Ein Sprecher der für die S-Bahn verantwortlichen Deutschen Bahn sprach von einer „sehr schwierigen“ Situation für die Kunden. An dieser werde sich auch in den kommenden Tagen nichts ändern. Die Bahn hatte am Montagabend kurzfristig mitgeteilt, wegen neuer schwerer technischer Mängel einen Großteil der S-Bahnen nicht auf die Schienen zu lassen und vorläufig nur noch einen Notfall-Fahrplan anzubieten. Zur Behebung des Mangels sollen ab einer bestimmten Laufleistung alle Bremszylinder der S-Bahnen ausgetauscht werden.

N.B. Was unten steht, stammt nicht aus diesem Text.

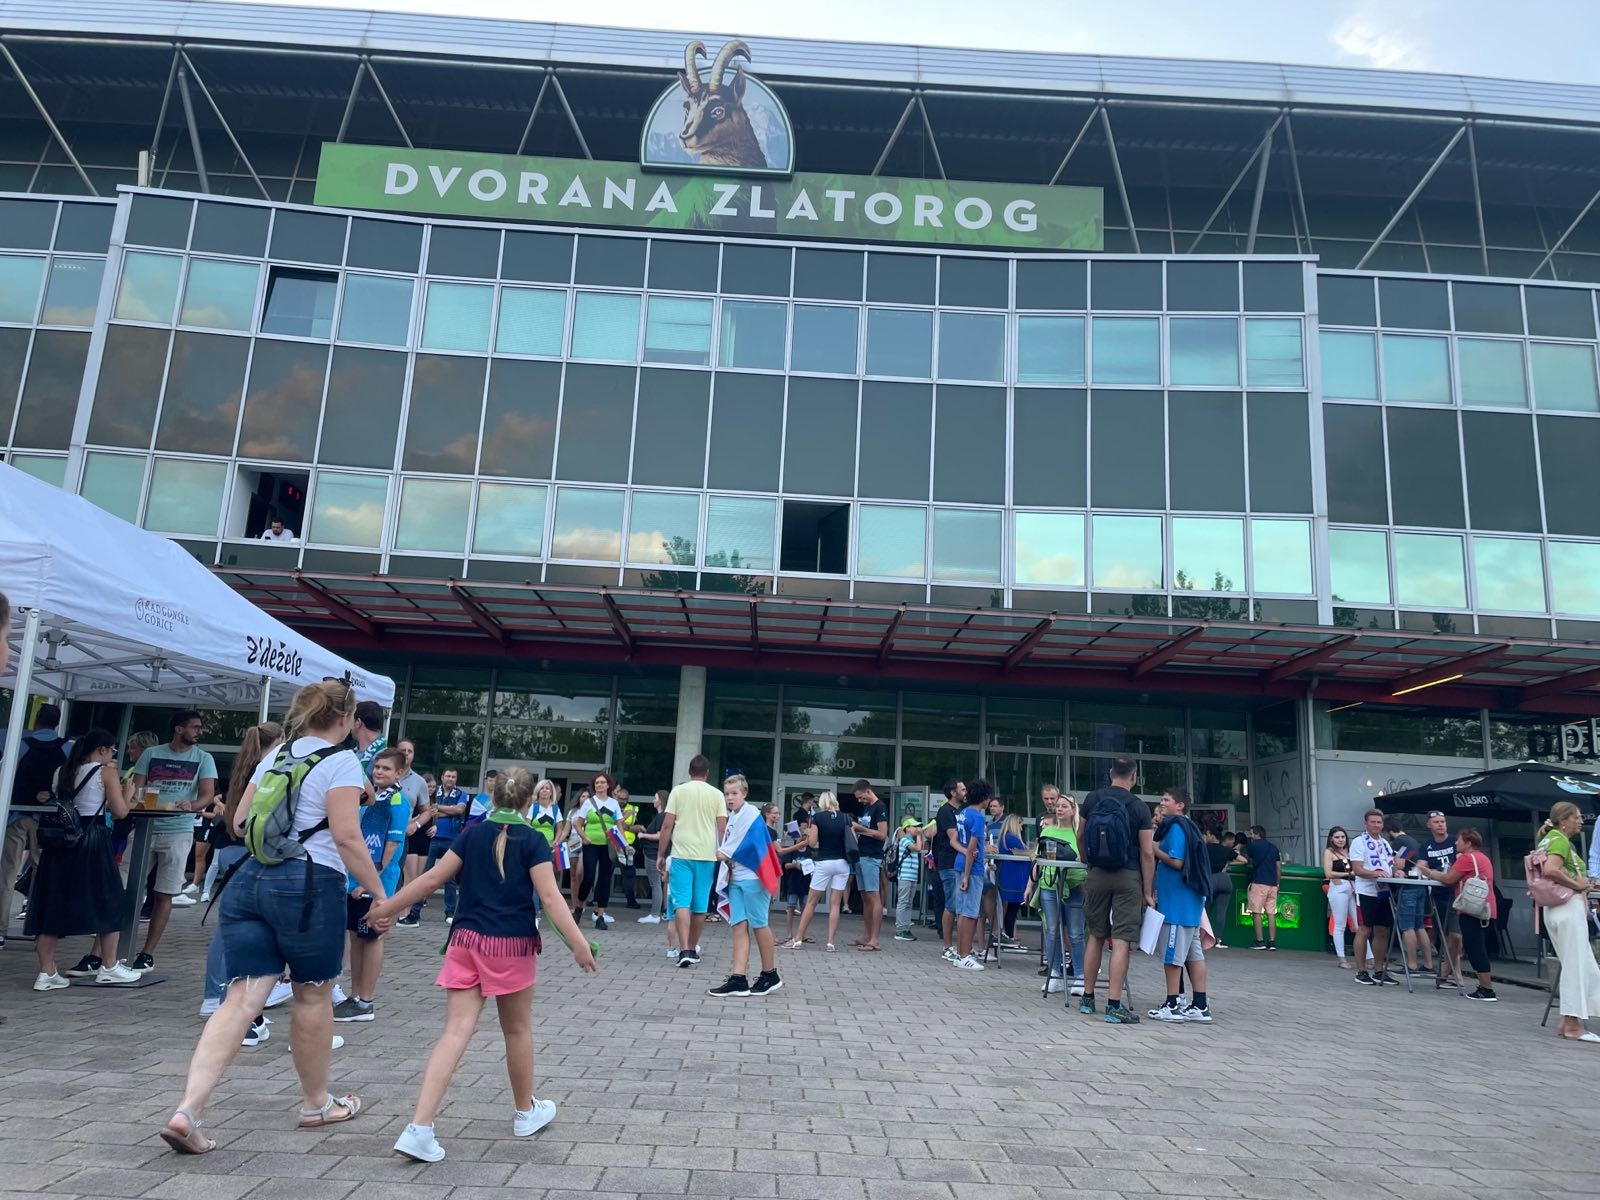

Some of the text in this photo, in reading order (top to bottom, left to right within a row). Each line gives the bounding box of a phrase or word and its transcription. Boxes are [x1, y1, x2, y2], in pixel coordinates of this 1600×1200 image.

[384, 163, 1037, 232] DVORANA ZLATOROG
[144, 613, 174, 632] GORICE
[145, 600, 190, 625] RADGONSKE
[531, 742, 568, 754] VHOD

Berlins Regierender Bürgermeister Klaus Wowereit (SPD) nannte die erneuten Ausfälle einen Beleg für die negativen Folgen der Privatisierungsstrategie der früheren Bahnführung. „Mit Blick auf kurzfristige Überschüsse wurde ein unakzeptabler Verschleiß in Kauf genommen“, erklärte Wowereit. Er habe großes Verständnis für den Unmut der Fahrgäste. Wie der Bahn-Sprecher sagte, standen die Kundentelefone der Bahn am Dienstag kaum still. Die zahlreichen Anrufer hätten sich vor allem zum Notfallfahrplan erkundigt, zum Teil habe es sich aber auch um Beschwerdeanrufe gehandelt.

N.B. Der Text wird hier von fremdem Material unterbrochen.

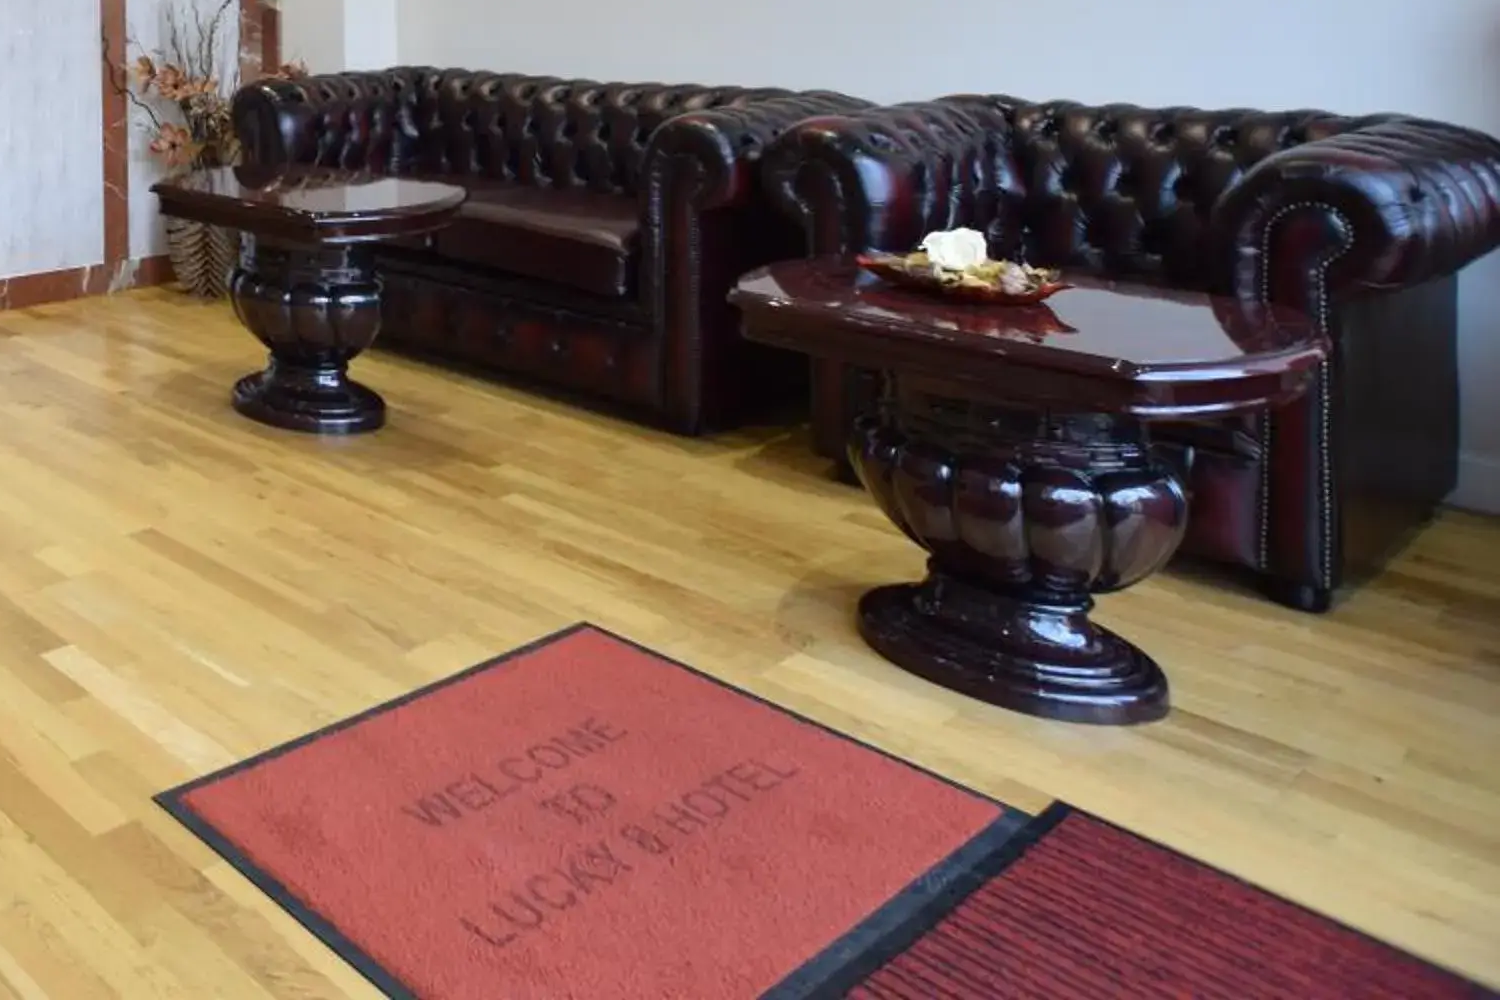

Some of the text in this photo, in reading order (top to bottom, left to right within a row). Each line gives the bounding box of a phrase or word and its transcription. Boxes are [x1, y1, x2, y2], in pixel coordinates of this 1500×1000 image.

[402, 716, 629, 828] WELCOME
[538, 781, 618, 826] TO
[459, 840, 632, 948] LUCKY
[654, 757, 802, 836] HOTEL

Der Verkehrsclub Deutschland (VCD) nannte die Aussagen von Bahnvorstand Ulrich Homburg, wonach ein Wartungsfehler Ursache der Probleme sei, einen Offenbarungseid. Damit sei klar, dass es bei der S-Bahn unverantwortliche Einsparungen im Sicherheitsbereich gegeben habe. „Es ist ein Skandal, dass im Öffentlichen Verkehr auf Kosten der Sicherheit und damit auf Kosten der Kunden gespart wird“, erklärte VCD-Bahnexpertin Heidi Tischmann.
Bereits im Juli rollten die Berliner S-Bahnen nur stark eingeschränkt. Damals waren nach einem Radbruch massive Sicherheitsmängel aufgeflogen.